Your son committed several crimes: grand theft auto; hit-and-run; DWI; underage drinking. Do you know that the bac for minors is generally less than half the bac for adults? Look it up - (your state name) bac minors.

I definitely roll with the no vehicle, responsibility for paying for the damages - he can get a summer job - mow lawns, volunteer at a VA hospital, etc.

I would have been much harsher. Although I do agree that, if he comes out of punishment before he finishes high school, giving him some modified freedom to attend gatherings even on a Sunday night would be ok. However, I would make it very clear to him that any drinking/smoking weed/drug use on his part or anyone else at any party is cause for him to GET OUT now. His choice in friends is in need of some assistance.

Quote:
Originally Posted by maciesmom View Post
Let's see.....he lied, convinced someone else to lie on his behalf, took and damaged your car without permission, and apparently did some underaged drinking then got in a car and drove? Any idea if he damaged anyone or anything else? That doesn't even take into account his disrespect to you. And you are worried you over reacted??
Quote:
Originally Posted by FinsterRufus View Post
Umm, he stole your car and wrecked it, drove it after he'd been drinking, and drug your younger son into a lie.

He's lucky he's not in jail.

You didn't overreact, and the first thing he should do when he does get a job, is to pay you back for the car damage, plus interest. I'd say he got heated withs you because he knows he's in the wrong and is embarrassed.

Stick to your guns, Mom.
Quote:
Originally Posted by maciesmom View Post
I agree that he should have to pay for damage to your car....whether that is ajob or extra chores to work off the amount. And if it were me there would be some kind of consequence related to drinking and driving....
Quote:
Originally Posted by ck96 View Post
I agree with what you said about the punishment fitting the crime, but what do you think I should do? I need him to have his car to drive him and his siblings to school and do errands for me. He is very helpful in that way. He knows that he can call me at any time and he told me that before the fight got big.

About parties on school nights, I allow him to go sometimes but he had already gone to one on saturday night and really needed to study for a history test. Also, I know this kid who was hosting the party and they last party he threw the cops showed up (luckily my son was no at that one). Do you still think I was too harsh? It's hard raising a teenager!!!!
Quote:
Originally Posted by Momma_bear View Post
I do not think that you over reacted. But I do think that the punishment should somehow be linked to his transgressions. It's not really a matter of harsh or not harsh. Consequences should be related to what it is that he did.
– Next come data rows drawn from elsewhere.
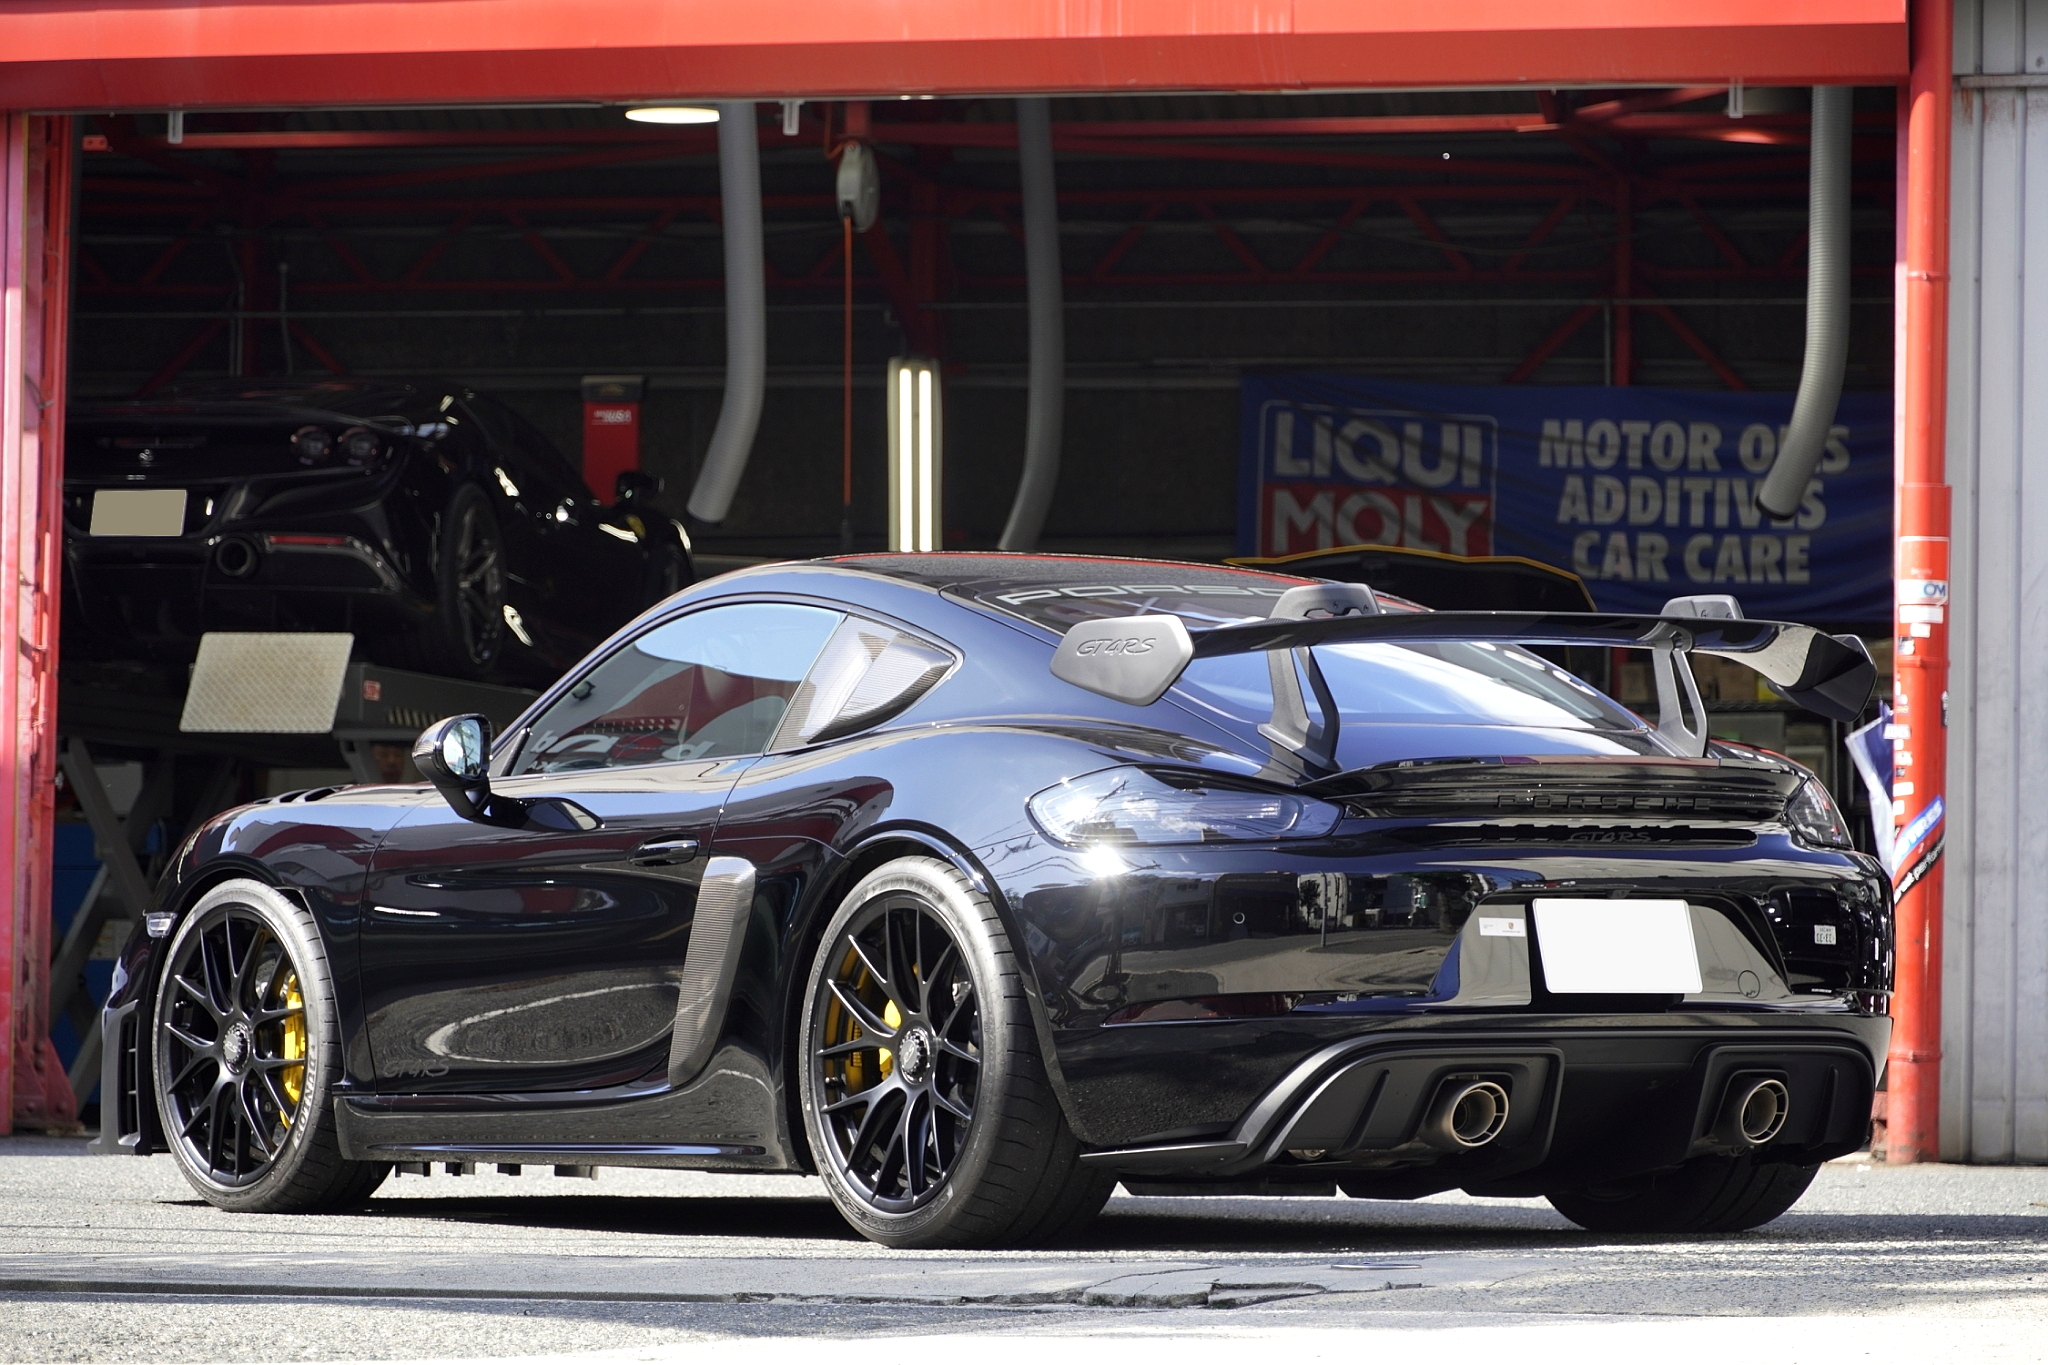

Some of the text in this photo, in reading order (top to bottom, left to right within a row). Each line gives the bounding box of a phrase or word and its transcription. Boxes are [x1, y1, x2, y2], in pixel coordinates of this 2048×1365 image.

[1274, 411, 1483, 488] LIQUI
[1539, 419, 1849, 474] MOTOR OS
[1272, 489, 1489, 556] MOLY
[1557, 475, 1827, 530] ADDITIVS
[1572, 531, 1811, 584] CAR CARE
[996, 584, 1287, 606] PORSC
[1497, 794, 1711, 810] PORSCHE
[296, 1057, 317, 1140] DUNLOP
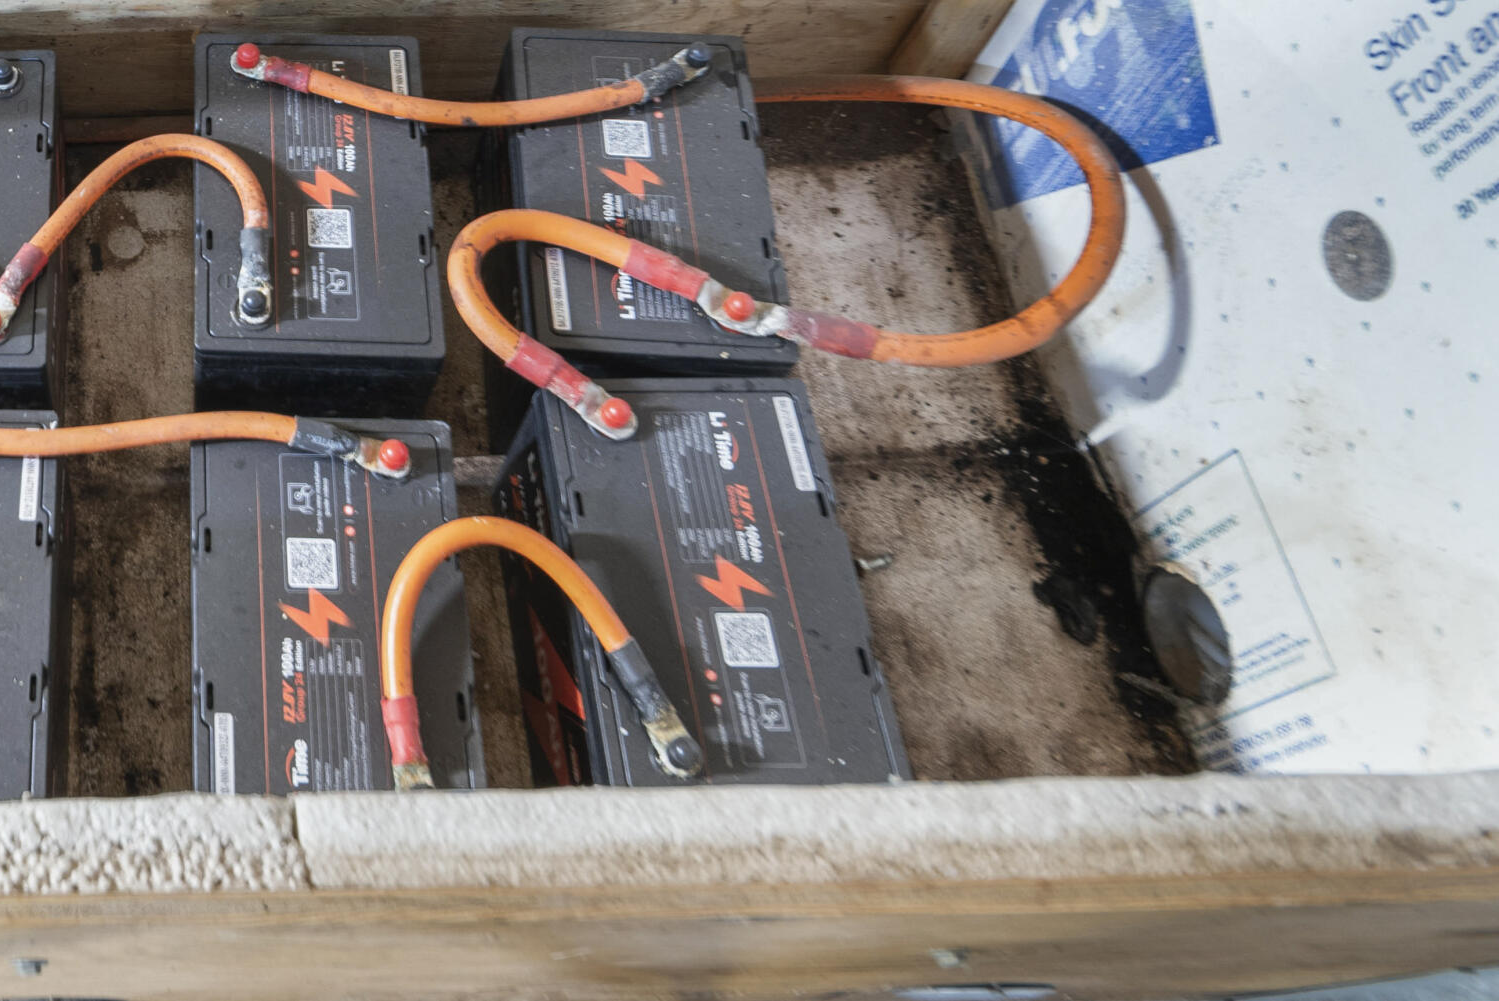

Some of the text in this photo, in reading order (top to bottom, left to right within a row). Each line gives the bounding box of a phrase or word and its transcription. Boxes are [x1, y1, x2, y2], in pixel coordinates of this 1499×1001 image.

Since he took your car without permission I would not let him drive. If that means you have to take the other kids to school, then that's what has to happen. How did they all get to school before your oldest had a drivers license? I love that my oldest takes his brothers to school, but if I have to do it then I'll do it.In addition I would have him change the oil in the car, wash/wax, and otherwise take care of the car he cannot drive for a while.

For sneaking out I would take the door off of his bedroom. If you can't trust him, then he is not deserving of privacy.

Since he damaged your car and it will cost money to fix the car I would get an estimate of the damage and make him work off his debt. You can "pay" him for his work at a rate of $8-9 per hour. I am sure there are tons of things that need to be done around your house that a teenage boy can do (weeding, mowing, painting, cleaning, etc....). Once his debt is paid off he can be permitted to drive.
As far as allowing him to go out on a school night, I think that you need to re-think your position. If he is good at managing his time and maintains good grades you might consider letting him go out on school nights as long as he is home at a reasonable time. If his grades are poor then I would consider restrictions. But if he is able to study when he needs to do so then perhaps you could let him try to make his own decisions about when to go out.
Quote:
Originally Posted by NJGOAT View Post
I may be a little late to the fun, but I'll add in my opinion.

First off, I won't critique the OP's use of "good kid", as others have said, even good kids do dumb things and break the rules on occasion. I'll take the OP's opinion that her son is a good kid despite his recent actions which seem to be out of character.

As for the situation...

This is a really tough one. I find myself breaking it down mentally into two levels of offenses:

1. Sneaking out to go to a party he was told he couldn't attend, getting his younger brother to lie for him, drinking and getting into a heated argument with you. If this was all that happened, I think your response was appropriate. Obviously this isn't a weird thing for a teen to try to pull. Certainly punishable, but not end of the world bad. I think your punishment fits these crimes, but might be a little excessive if this was it.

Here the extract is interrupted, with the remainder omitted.